これは、米国南部の大学病院でカテーテルで導入されてからシャント造設となった透析患者さんを対象に行なわれた後方視研究だ。術後の超音波所見からシャントが発達(英語ではmaturation、成熟という)するかどうかを予測できるかを調べ、とくに血流量・シャント血管径が決め手になるという結論だった。
これ自体は、以前になされた小規模研究を追認する形で、さほど驚くことではない。
私がこの論文で最も驚いたのは、造設された内シャントのうち63%が上腕、37%が前腕だったという事実だ。
国際比較DOPPSのデータでも、異様なほどに米国のみ上腕内シャントが急増している。グラフ(AJKD 2018 71 469)は、左が日本、真ん中が欧州・オーストラリア・ニュージーランド、右が米国だ。その米国で、1996-2001年時の調査で30%あった上腕内シャントは、2012-2015年時には68%となっている。さらに調べると、男性より女性が、若年者より高齢者が上腕内シャントになりやすかった。
以前「フィスチュラ・ファースト」で説明したように、このように偶然で説明できないトレンドがみられた場合には、理由がある。それを端的に言うと、「上腕・ファースト」になってしまったということだ。
前腕につくっても、詰ったり、血流が十分取れないことが多い(米国のQBは400-500ml/minが一般的で、これくらいないとKt/Vを保てないとされる;体型の違いだろうか)。高齢者や女性では尚更だ。

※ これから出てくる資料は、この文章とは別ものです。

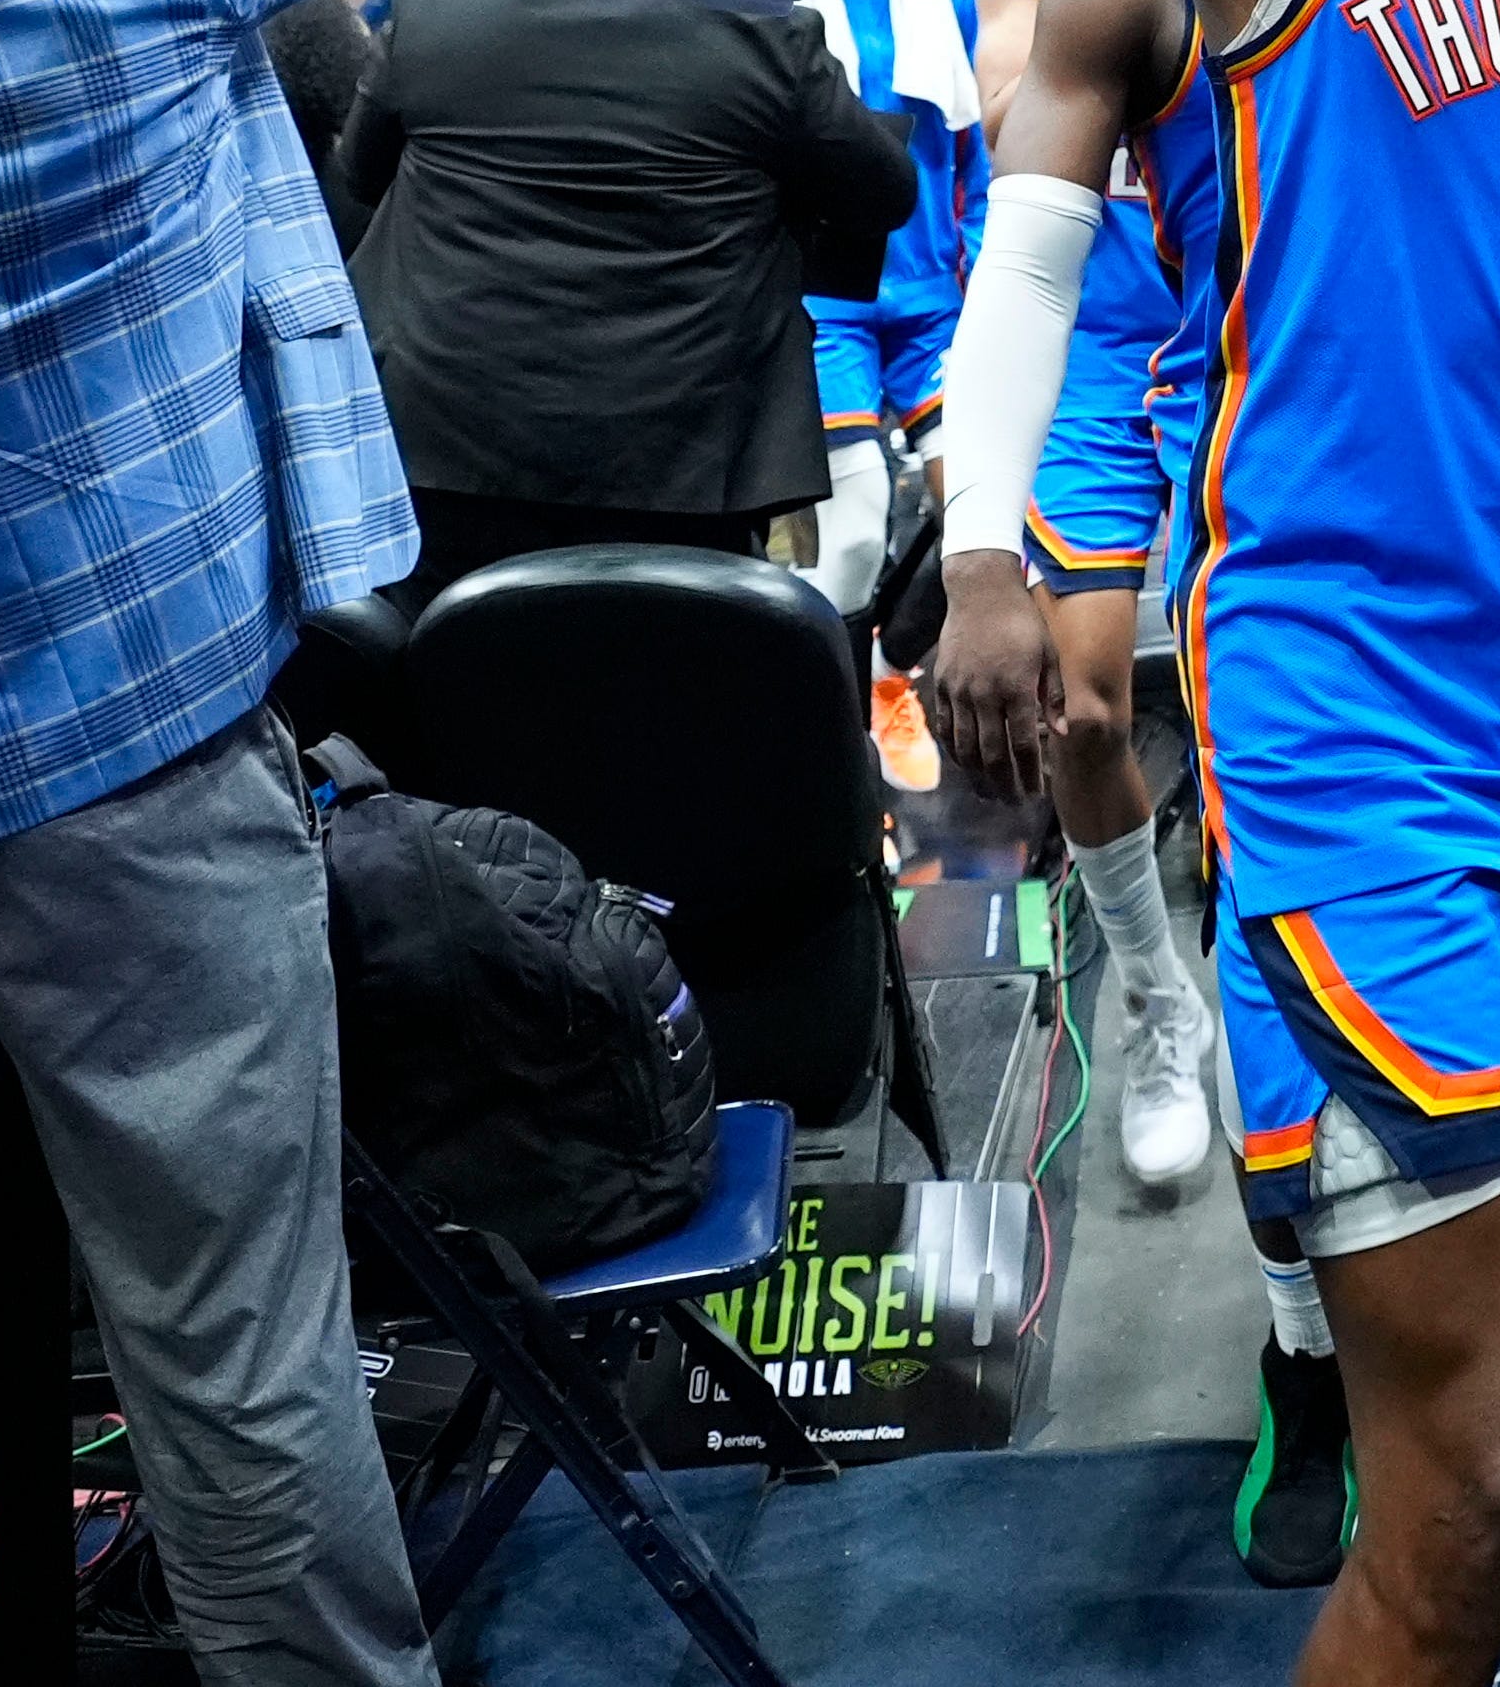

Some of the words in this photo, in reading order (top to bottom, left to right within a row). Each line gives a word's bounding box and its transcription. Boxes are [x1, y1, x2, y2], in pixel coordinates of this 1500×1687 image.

しかし、フィスチュラ・ファーストはゼッタイだから、カテーテルには戻れない。
だったらいっそ、最初から上腕に作ってしまえ、というわけだ。
上腕は深くて穿刺しづらい(血管の周りに出血することもある)し、血流量が多いと心不全にもなるし、長くつかって機能不全になったときに再建の選択肢が減る。しかし、それしかないなら仕方がない。
太平洋の対岸にいると「こうすればよいのに」とあれこれ思わないこともないが、「所変われば」なのかもしれない。今はこちら側で、せっせと前腕内シャントを作る腕前を上げるしかない。ただ、これから米国の文献を読むときにはシャントと言っても別物を指していることに注意しなければならないと思った。